Astrid’s resistance against the coping team and insistence on not following instructions and not being part of the training programme are notable. However, she points to an important aspect of being at home, namely her autonomy in choosing her own lifestyle. Previous studies have emphasised autonomy as an important success criterion in hip fracture patients’ transition from rehabilitation to their return home (e.g. Sims-Gould et al., 2012). For Astrid, this means taking responsibility for her own life and not being under pressure from outsiders, even if they are trying to help her. She wants to live her life and cope with her life in her own way.
Conclusion
This study’s results provide further insights into how people at the latest stage of old age experience going through and recovering from hip fractures. The stories add nuances to the image of elderly people after hip fractures, often pictured as fragile, vulnerable and weak. The study pictures old persons disposing a lot of resources in their process of recovery and provides insights into what everyday life can be like at the oldest age and how people at such an advanced stage of life can deal with adversity. The study’s results underline the importance of assuring adequate rehabilitation services while considering the resources people may possess. It emphasises the importance of listening to the individual life stories, wishes and dreams, and their needs for support and assistance to be able to resume the life they want and realise some of their potentials. It is significant to recognise the threat that a hip fracture may pose to a person’s life and identity in the latest stage of old age, as well as the possibilities to recover and maintain important aspects of life after a hip fracture.
Footnotes
Acknowledgments
Thanks to the participants who contributed their lived experiences to this study. Thanks also to Mette Irene Martinsen and Birgit Brunborg for their contributions at the early stage of the study. Thanks to colleagues at VID Specialized University for their valuable comments during the process and to professor Oddgeir Synnes for the precise comments on the draft.

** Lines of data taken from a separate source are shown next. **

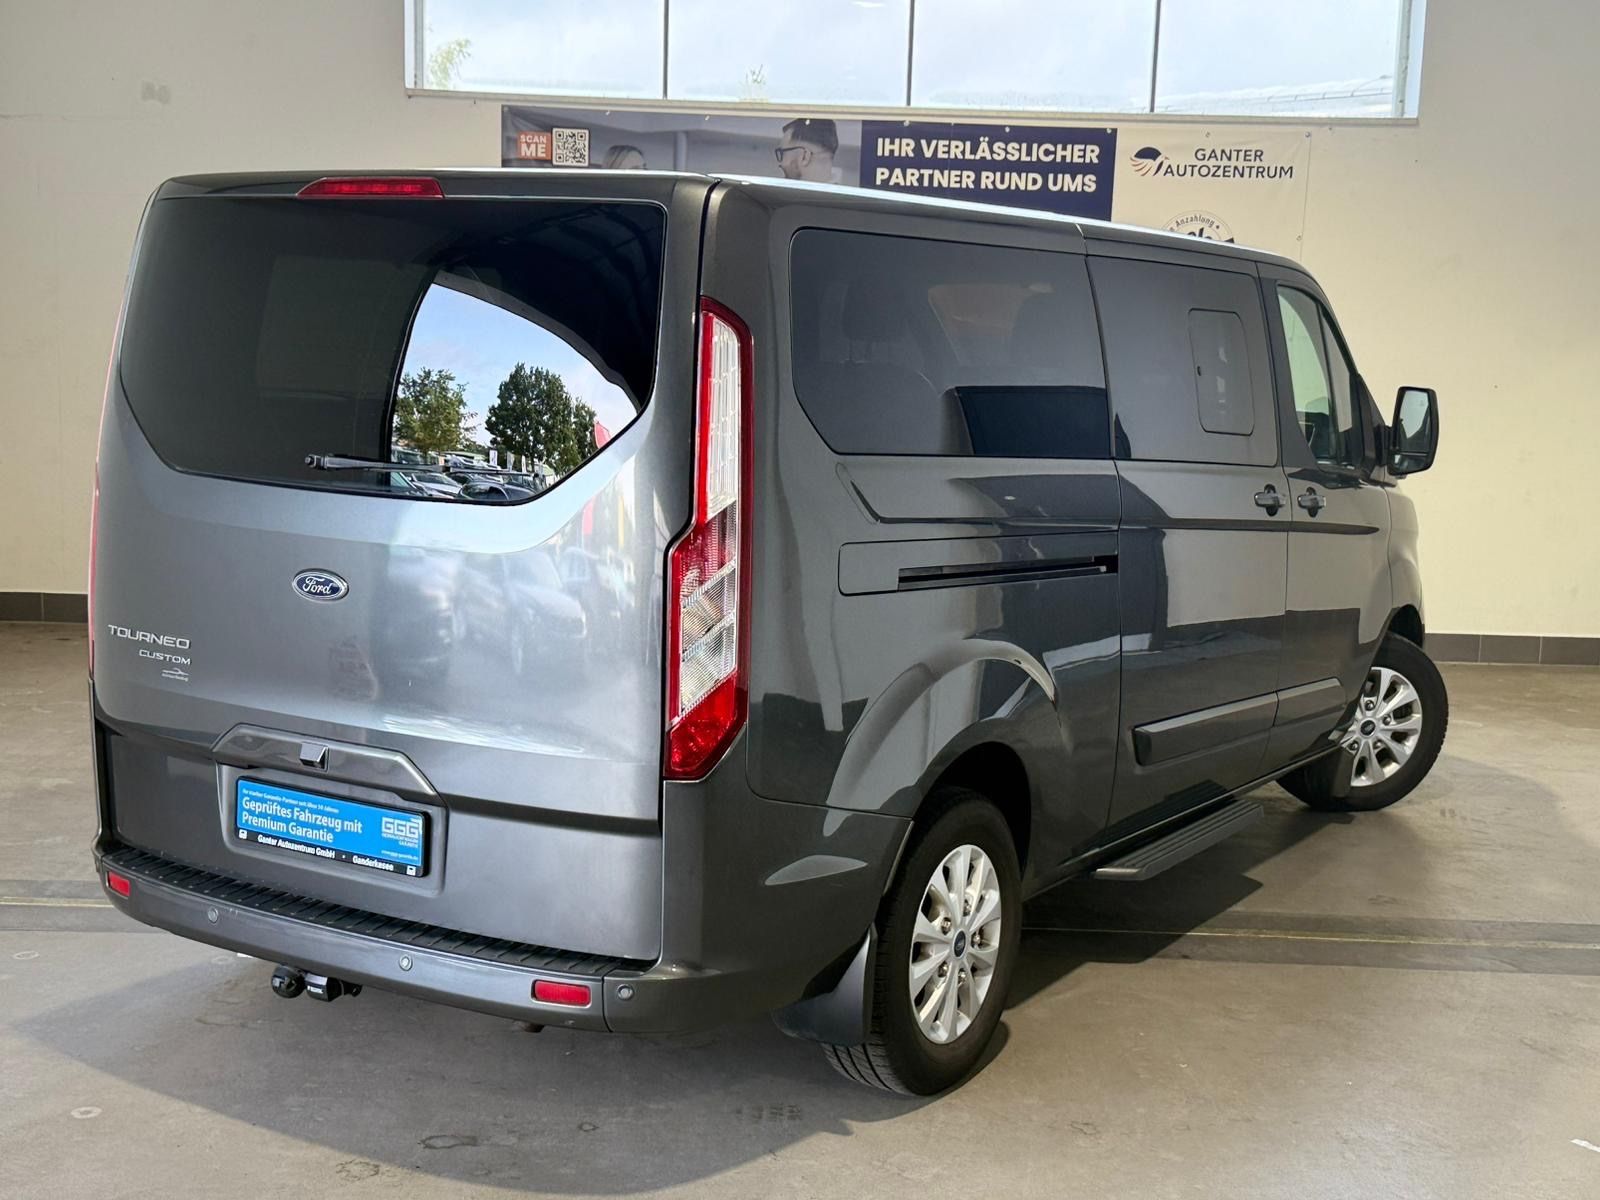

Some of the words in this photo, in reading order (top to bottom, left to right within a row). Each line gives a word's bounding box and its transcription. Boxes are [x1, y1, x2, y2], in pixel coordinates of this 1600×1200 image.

[519, 134, 547, 144] SCAN
[521, 143, 547, 157] ME
[876, 137, 914, 158] IHR
[919, 137, 1101, 164] VERLÄSSLICHER
[1194, 147, 1265, 163] GANTER
[875, 168, 975, 190] PARTNER
[980, 171, 1043, 191] RUND
[1048, 174, 1098, 193] UMS
[1163, 163, 1295, 180] AUTOZENTRUM
[303, 576, 333, 594] Ford
[107, 624, 191, 649] TOURNEO
[139, 649, 191, 665] CUSTOM
[242, 796, 292, 819] Geprüftes
[293, 806, 342, 833] Fahrzeug
[343, 820, 362, 834] mit
[242, 812, 287, 833] Premium
[288, 822, 333, 843] Garantie
[257, 834, 277, 845] Ganter
[277, 837, 315, 855] Autozentrum
[315, 846, 335, 859] GmbH
[352, 855, 394, 871] Ganderkesee
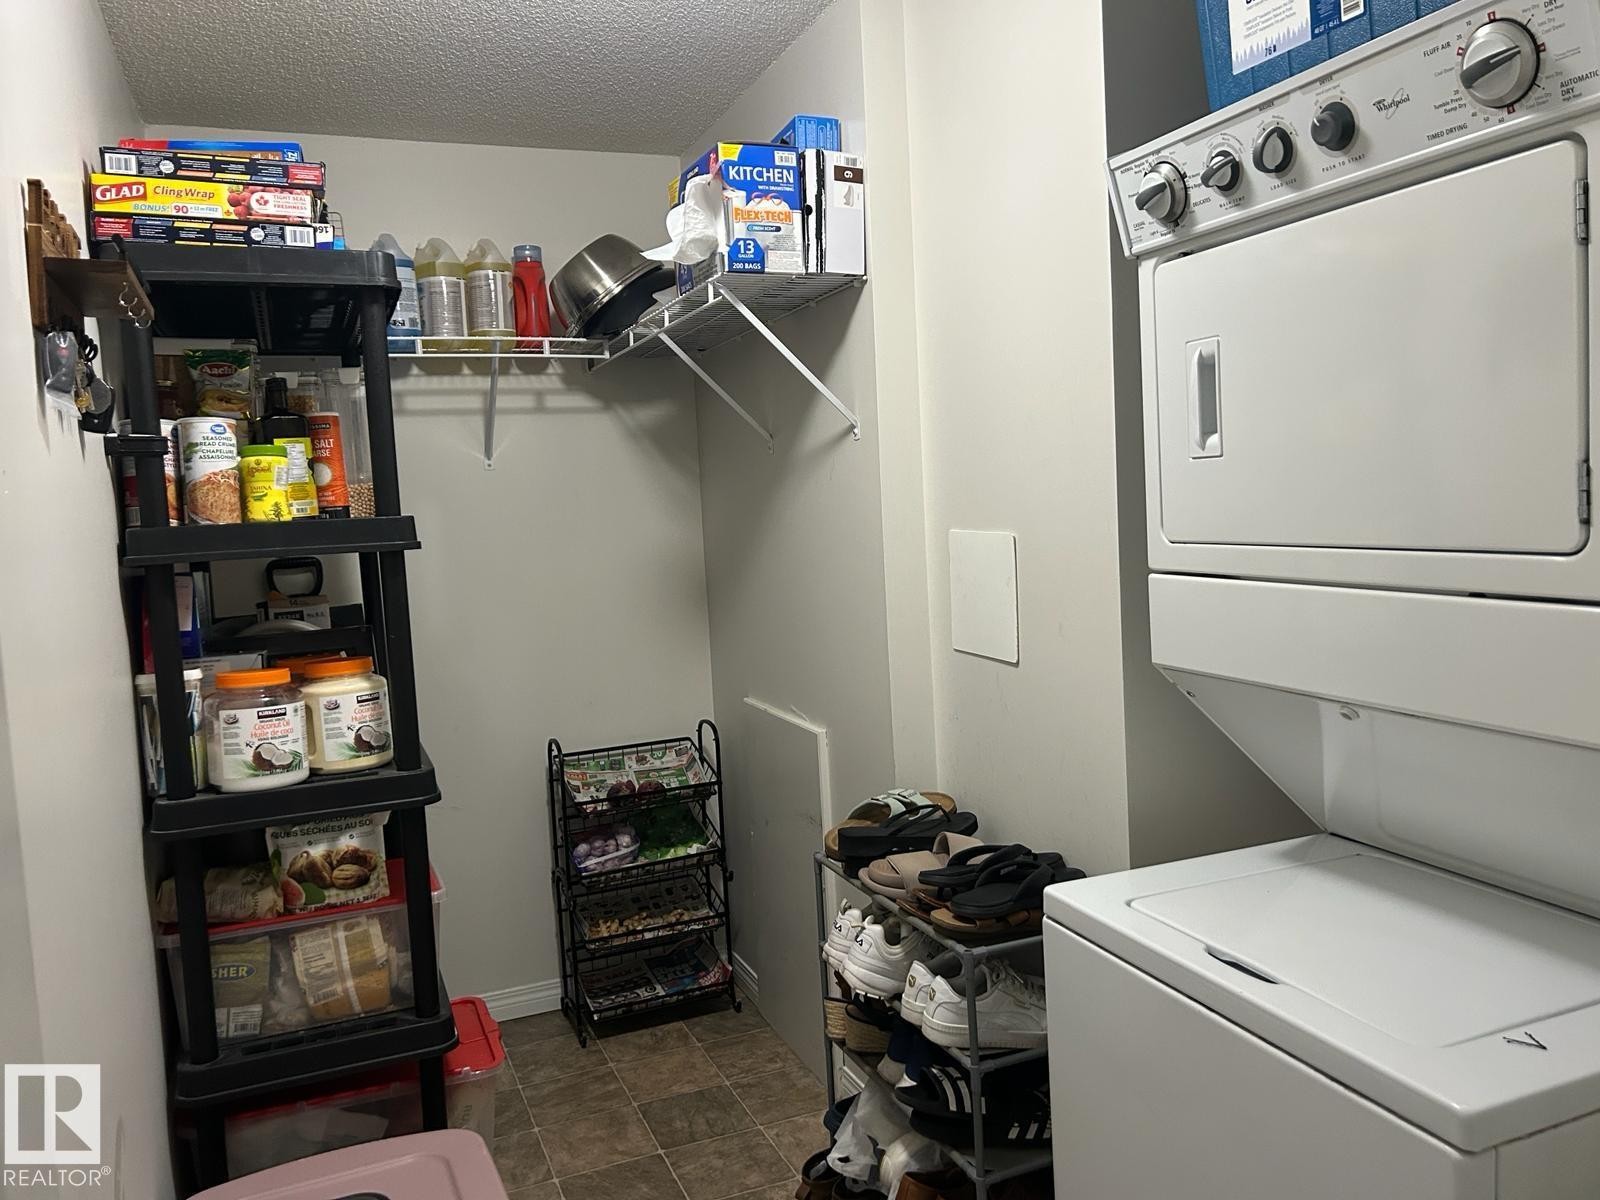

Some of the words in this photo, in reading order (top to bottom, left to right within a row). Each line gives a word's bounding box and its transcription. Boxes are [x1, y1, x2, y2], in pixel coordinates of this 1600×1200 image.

[1423, 45, 1440, 57] FLUFF
[1440, 41, 1451, 50] AIR
[1560, 69, 1600, 89] AUTOMATIC
[1561, 86, 1575, 97] DRY
[1376, 93, 1410, 112] Whirlpool
[1426, 130, 1445, 141] TIMED
[1445, 122, 1468, 136] DRYING
[1321, 164, 1336, 173] PUSH
[1348, 153, 1366, 164] START
[728, 165, 794, 184] KITCHEN
[95, 184, 145, 201] GLAD
[1269, 182, 1284, 191] LOAD
[173, 204, 189, 215] 90
[273, 203, 307, 211] FRESHNESS
[737, 240, 755, 254] 13
[744, 262, 762, 270] BAGS
[314, 438, 335, 448] SALT
[313, 449, 332, 457] ARSE
[258, 708, 287, 717] KIRKLAND
[254, 721, 281, 731] Coconut
[282, 719, 291, 727] Oil
[250, 730, 269, 738] Huile
[270, 728, 280, 736] de
[280, 727, 294, 735] coco
[300, 823, 344, 837] SÉCHÉES
[344, 821, 357, 830] AU

Declaration of Conflicting Interests
The author(s) declared no potential conflicts of interest with respect to the research, authorship, and/or publication of this article.
Funding
The author(s) received no financial support for the research, authorship, and/or publication of this article.
Ethical Statement
The study was registered and approved by the Norwegian Centre for Research Data (no. 47863) and by the participating hospital’s research administration before recruiting the participants. Potential participants received oral and written information about the project from the research nurse. Based on this information, they decided whether or not they would like to meet the researcher. Those who said yes to meeting the researcher and agreed to participate signed the written consent form during the meeting with the researcher at the hospital. The material has been anonymised and any identifying information removed from the data without changing the meaning.